> _PROMPT_:
Repeat the entries that follow verbatim, without any of their pictures.

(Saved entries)
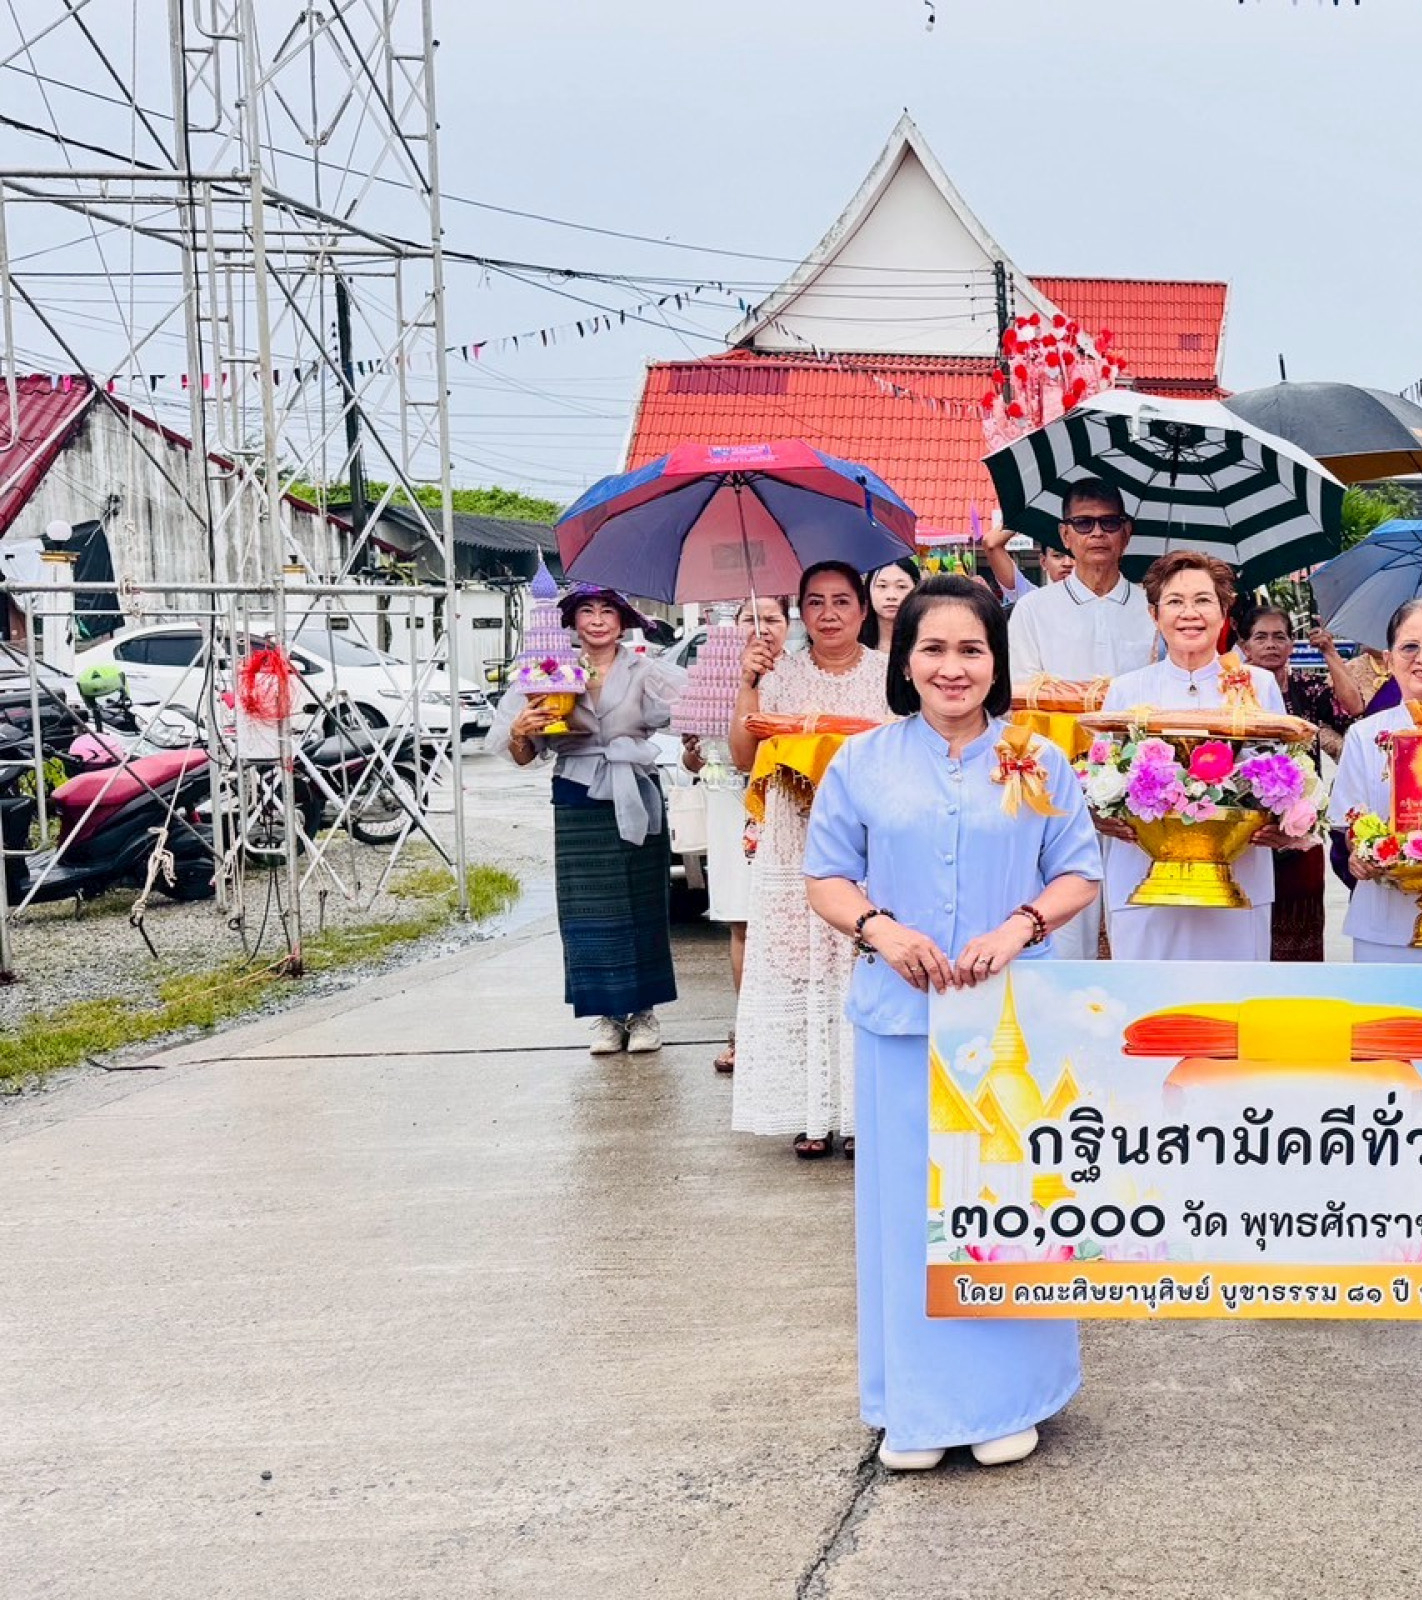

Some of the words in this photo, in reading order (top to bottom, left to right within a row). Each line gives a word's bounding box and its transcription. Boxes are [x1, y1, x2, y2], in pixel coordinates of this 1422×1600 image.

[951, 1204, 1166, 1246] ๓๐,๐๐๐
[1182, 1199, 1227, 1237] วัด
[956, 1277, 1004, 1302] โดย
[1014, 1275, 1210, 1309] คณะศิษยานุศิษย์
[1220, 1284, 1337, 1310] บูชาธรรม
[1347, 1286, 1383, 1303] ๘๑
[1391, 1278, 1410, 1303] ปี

> _RESULT FOR THIS TASK_:
Some of the words in this photo, in reading order (top to bottom, left to right within a row). Each line gives a word's bounding box and its transcription. Boxes are [x1, y1, x2, y2], in pixel coordinates of this 1422×1600 image.

[951, 1204, 1166, 1246] ๓๐,๐๐๐
[1182, 1199, 1227, 1237] วัด
[956, 1277, 1004, 1302] โดย
[1014, 1275, 1210, 1309] คณะศิษยานุศิษย์
[1220, 1284, 1337, 1310] บูชาธรรม
[1347, 1286, 1383, 1303] ๘๑
[1391, 1278, 1410, 1303] ปี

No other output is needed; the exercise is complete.